God and Philosophy

 

 

 

Fall 2010

God and Philosophy

Fall 2010

R. E. Innis

TuTh 10:00-11:15

 

The maker and father of this universe it is a hard task to find, and having found him it would be impossible to declare him to all mankind….If then, Socrates, in many respects concerning many things—the gods and the generation of the universe—we prove unable to render an account at all points entirely consistent with itself and exact, you must not be surprised. If we can furnish accounts no less likely than any other, we must be content, remembering that I who speak and you my judges are only human, and consequently it is fitting that we should in these matters accept the likely story and look for nothing further.

 

Plato, Timaeus

Ein begriffener Gott ist kein Gott.

‘A God comprehended  is no God.’ (Tersteegen)

 

Required texts:

 

Karen Armstrong, A History of God. Random House

Charles Hartshorne, Omnipotence and Other Theological Mistakes. SUNY Press

John Hick, Disputed Questions in Theology and the Philosophy of Religion. Yale University Press

Donald Crosby, Living with Ambiguity. SUNY Press

 

This course will examine the status of the concept of God from an historically informed philosophical point of view. It will focus on the many contexts and dimensions of the ‘God problem’ as it has appeared in history. All the language we use to speak about ‘God,’ including the God concept itself, has a history and has been used in many different ways. Taking account of the multiplicity of religious visions, it will ask what philosophical issues are raised by, and are needed to deal with, questions such as the following.

 

 

What do we mean, if anything, when we talk about God?
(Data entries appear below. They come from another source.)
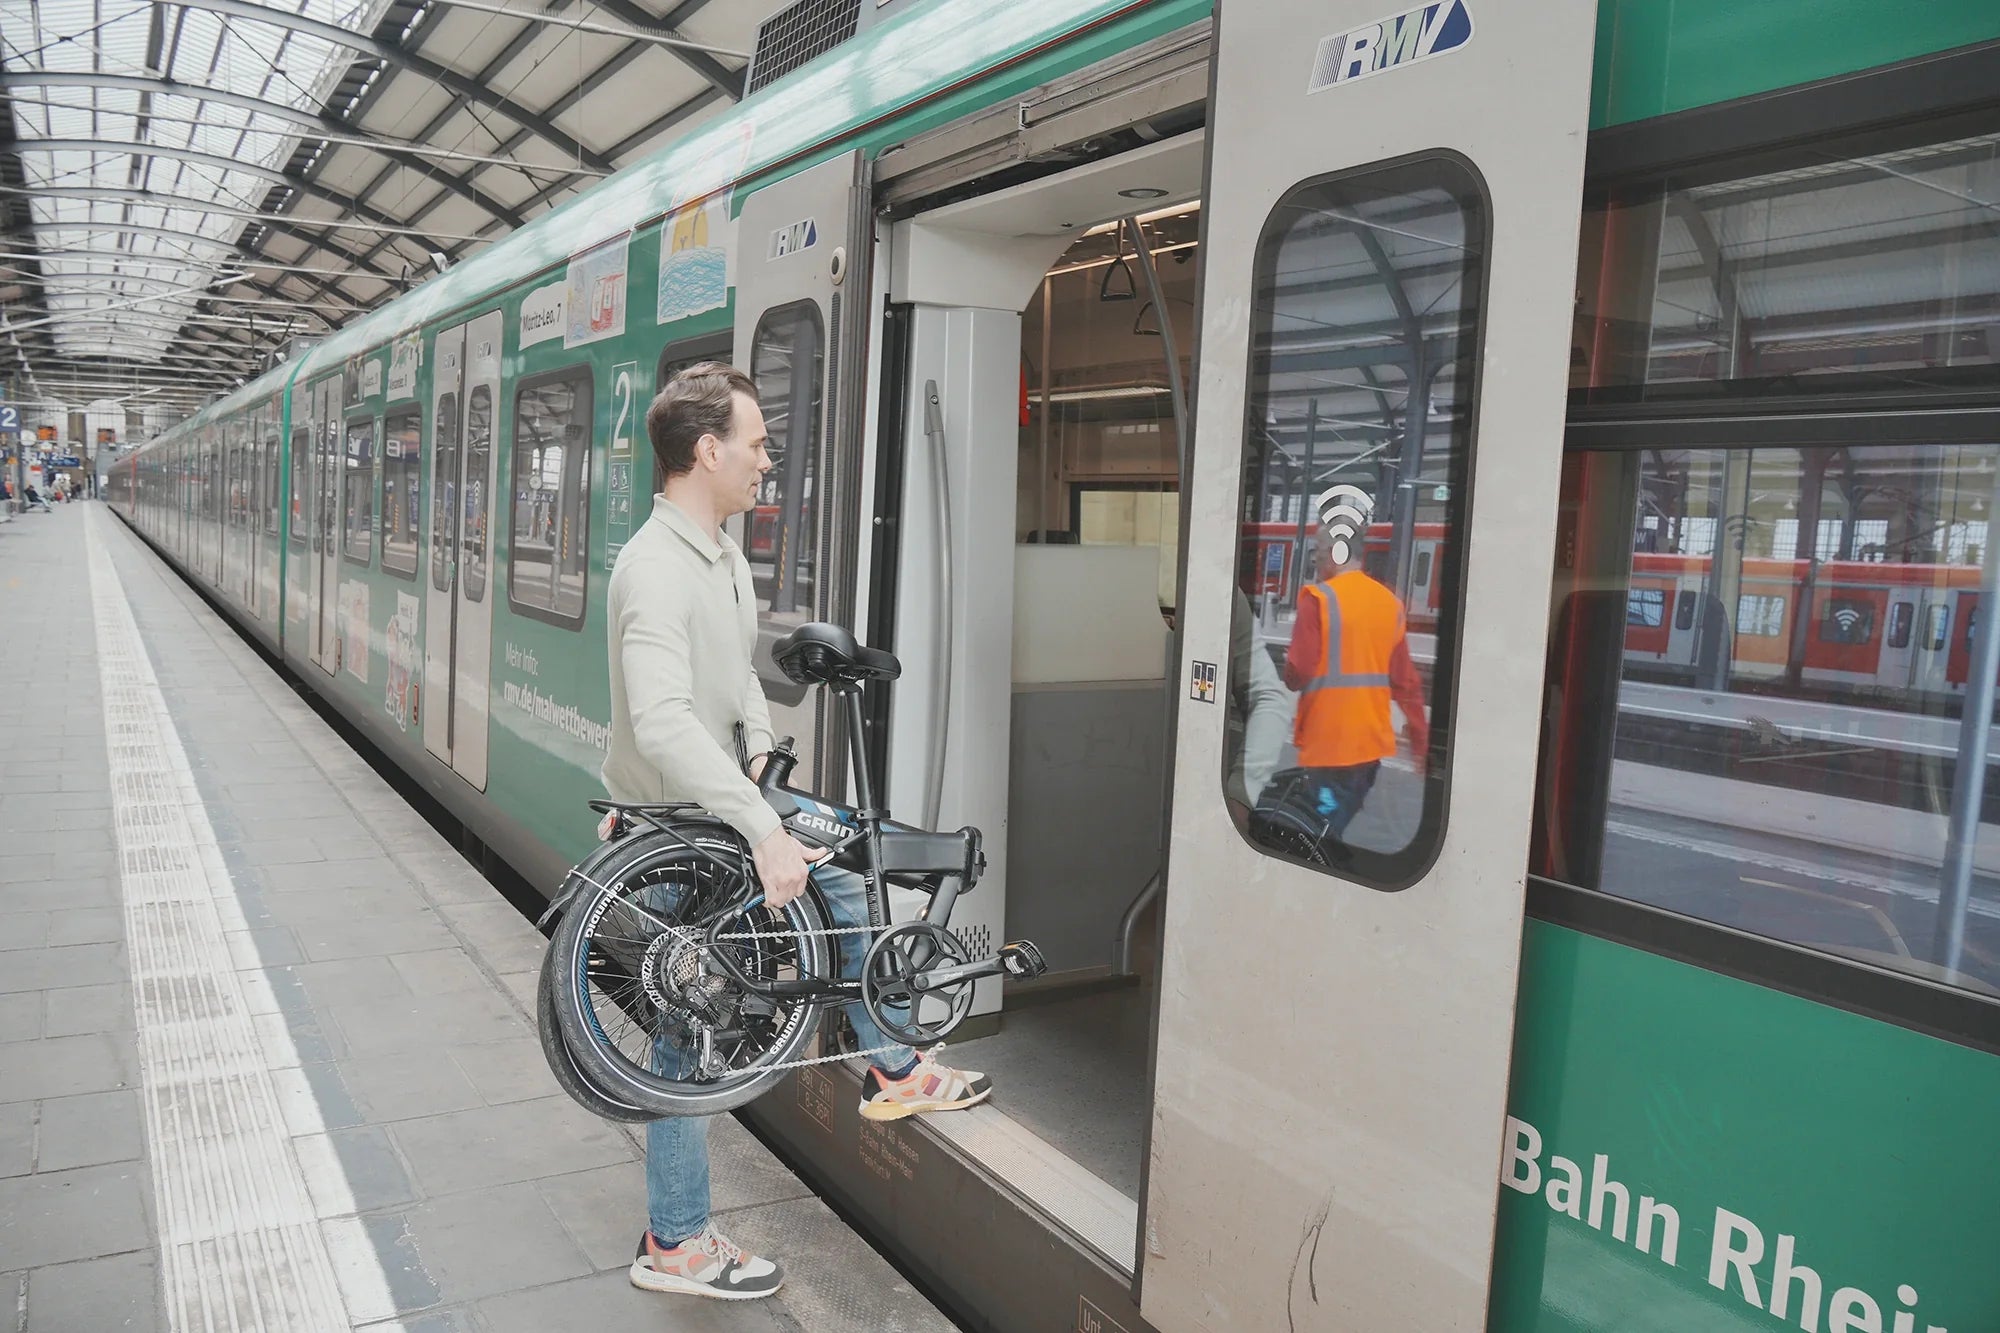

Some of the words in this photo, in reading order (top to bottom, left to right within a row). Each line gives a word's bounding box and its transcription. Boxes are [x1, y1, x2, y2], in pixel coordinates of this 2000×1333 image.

[1337, 0, 1457, 82] RMV
[776, 219, 813, 258] RMV
[0, 407, 17, 428] 2
[612, 370, 631, 449] 2
[505, 641, 521, 669] Mehr
[522, 647, 538, 676] Info:
[796, 811, 858, 839] GRUN
[1500, 1115, 1681, 1267] Bahn
[1708, 1206, 1948, 1333] Rhei
What are the different principal conceptions of God? What ‘conceptual’ and ‘linguistic’ problems does the problem of God raise?
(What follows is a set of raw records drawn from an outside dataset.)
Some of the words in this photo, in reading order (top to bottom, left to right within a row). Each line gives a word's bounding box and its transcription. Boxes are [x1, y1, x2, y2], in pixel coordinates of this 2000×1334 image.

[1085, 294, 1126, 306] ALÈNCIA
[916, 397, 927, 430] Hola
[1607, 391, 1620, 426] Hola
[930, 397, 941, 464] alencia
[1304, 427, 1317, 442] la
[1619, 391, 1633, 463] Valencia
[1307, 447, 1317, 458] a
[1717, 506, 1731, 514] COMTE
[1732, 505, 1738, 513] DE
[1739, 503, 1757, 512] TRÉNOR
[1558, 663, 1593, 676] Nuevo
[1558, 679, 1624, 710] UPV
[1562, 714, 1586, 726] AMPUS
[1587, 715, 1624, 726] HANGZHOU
Why would one ever think—or need to think--that there is such a thing as a god, gods, or God?

How can God be known, if at all?

Can the existence of God be ‘proved’? Does it need to be?

Can God be experienced?

What role or function does God play in human life?

What existential issues is the reality of God meant to resolve?

Is the reality of God in any traditional sense of the term central to a religious way of being in the world?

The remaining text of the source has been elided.